■ **Your assignment**: For each entry, output its words exactly and leave any picture behind.

»»

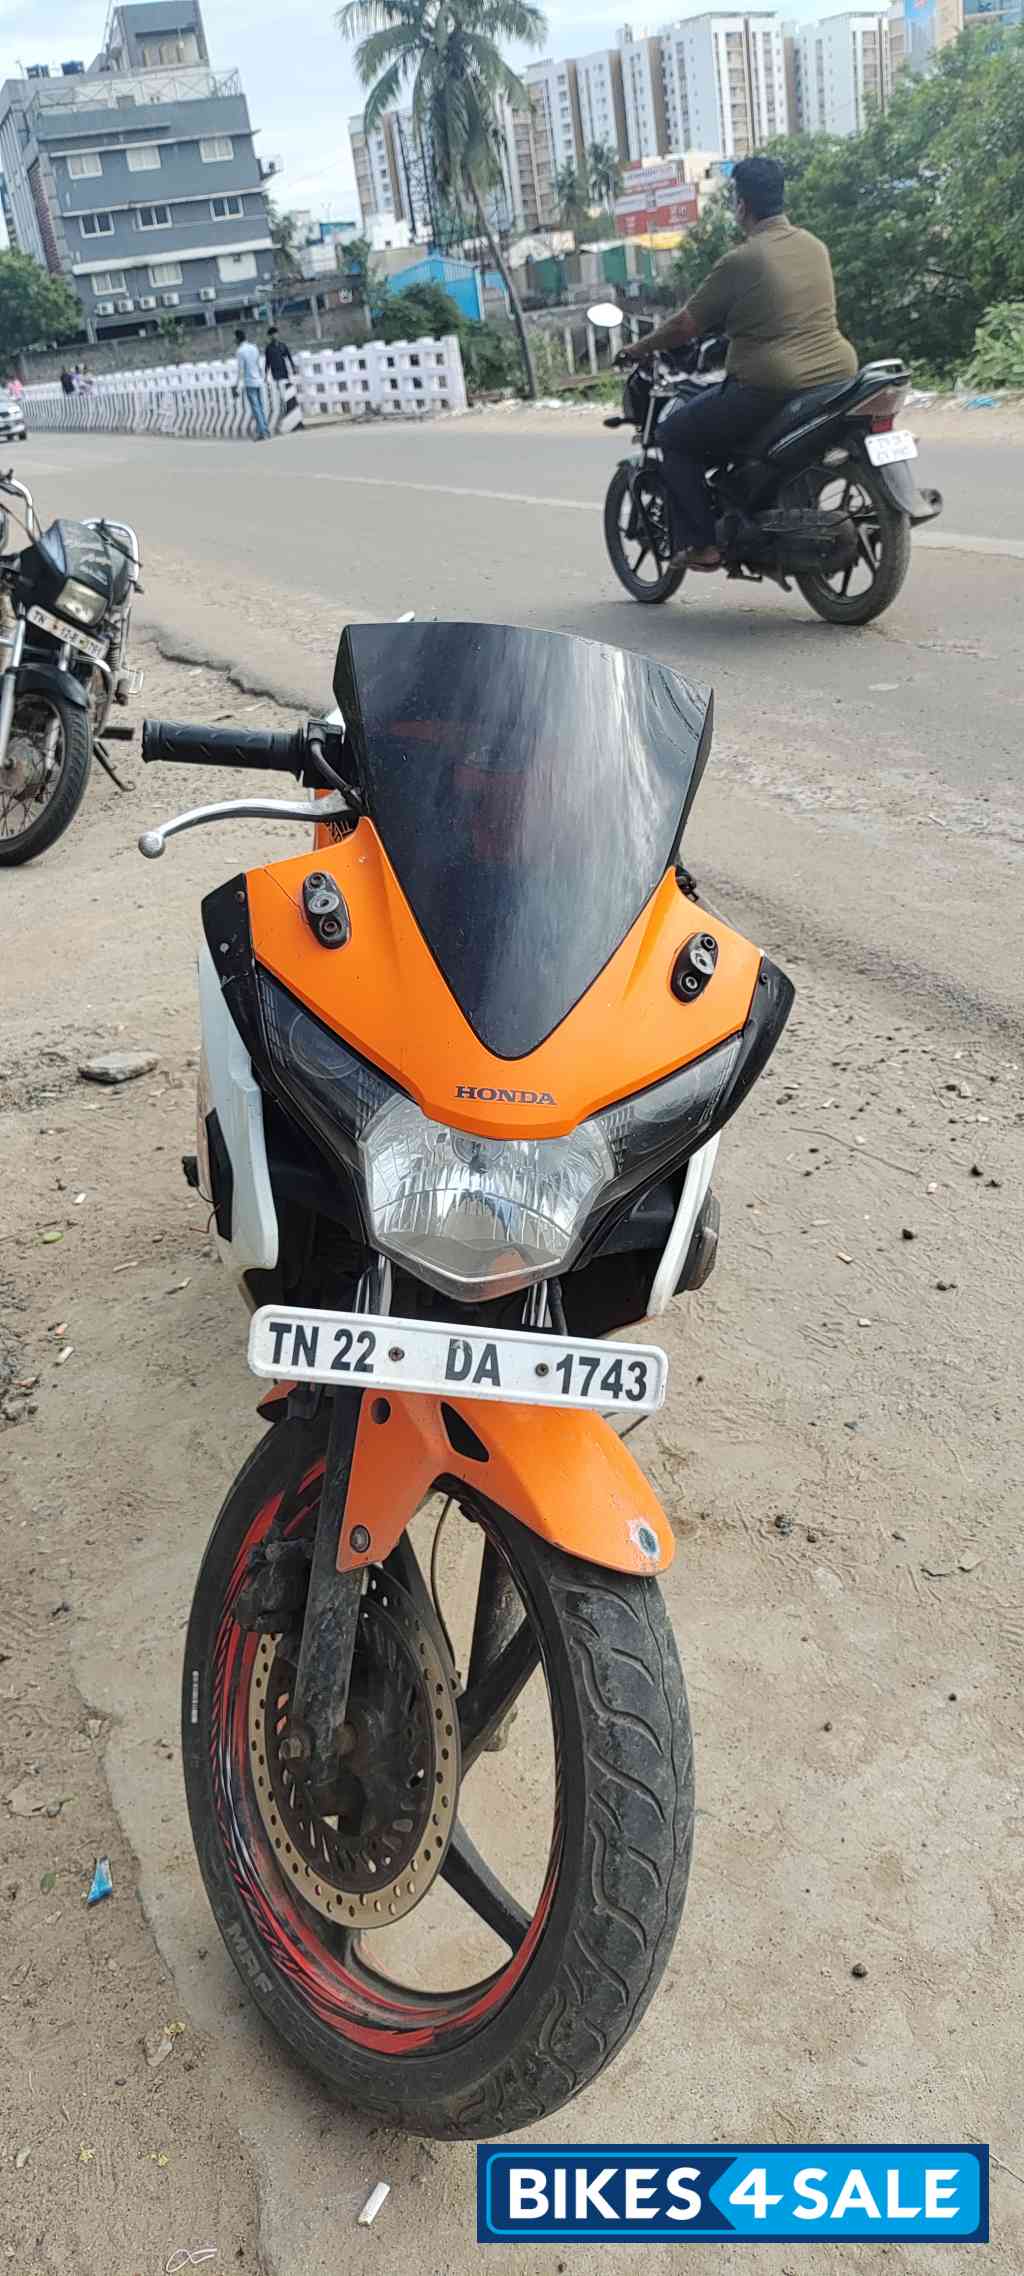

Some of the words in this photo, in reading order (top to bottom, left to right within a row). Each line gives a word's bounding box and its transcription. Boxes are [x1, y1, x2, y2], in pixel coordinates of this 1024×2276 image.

[455, 1085, 559, 1106] HONDA
[268, 1322, 320, 1368] TN
[330, 1328, 377, 1373] 22
[444, 1338, 501, 1387] DA
[556, 1352, 649, 1402] 1743
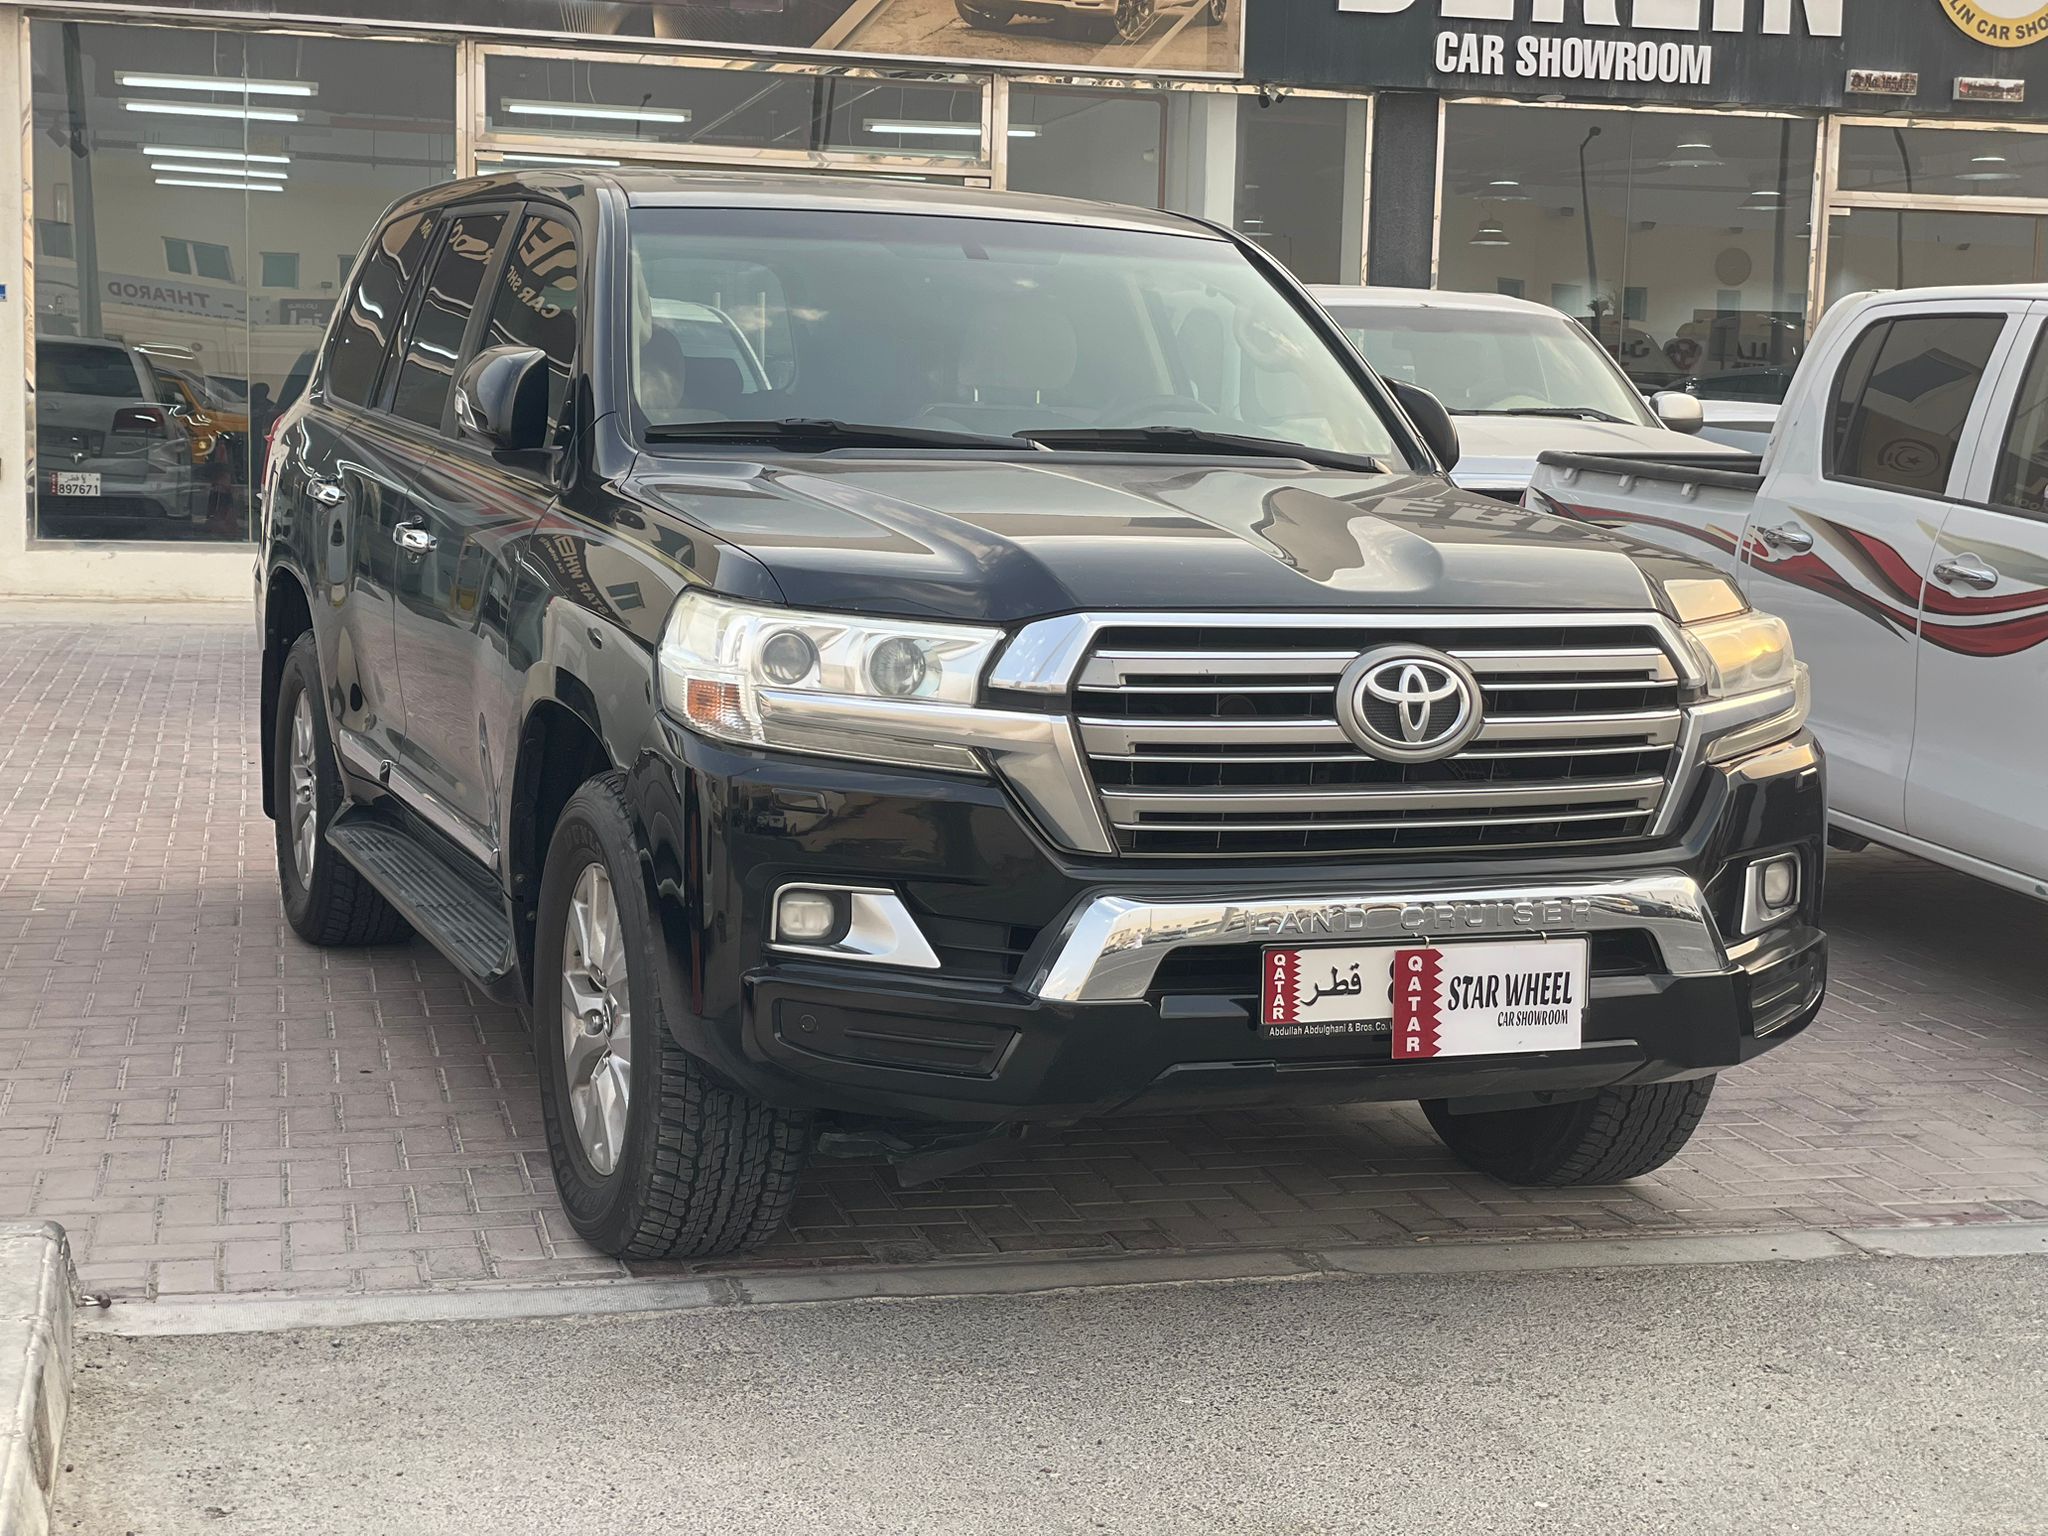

««

■ **Answer box**:
Some of the words in this photo, in reading order (top to bottom, left to right within a row). Each line gives a word's bounding box and its transcription. Boxes are [x1, y1, x2, y2], in pixel coordinates of this 1024×2276 image.

[455, 1085, 559, 1106] HONDA
[268, 1322, 320, 1368] TN
[330, 1328, 377, 1373] 22
[444, 1338, 501, 1387] DA
[556, 1352, 649, 1402] 1743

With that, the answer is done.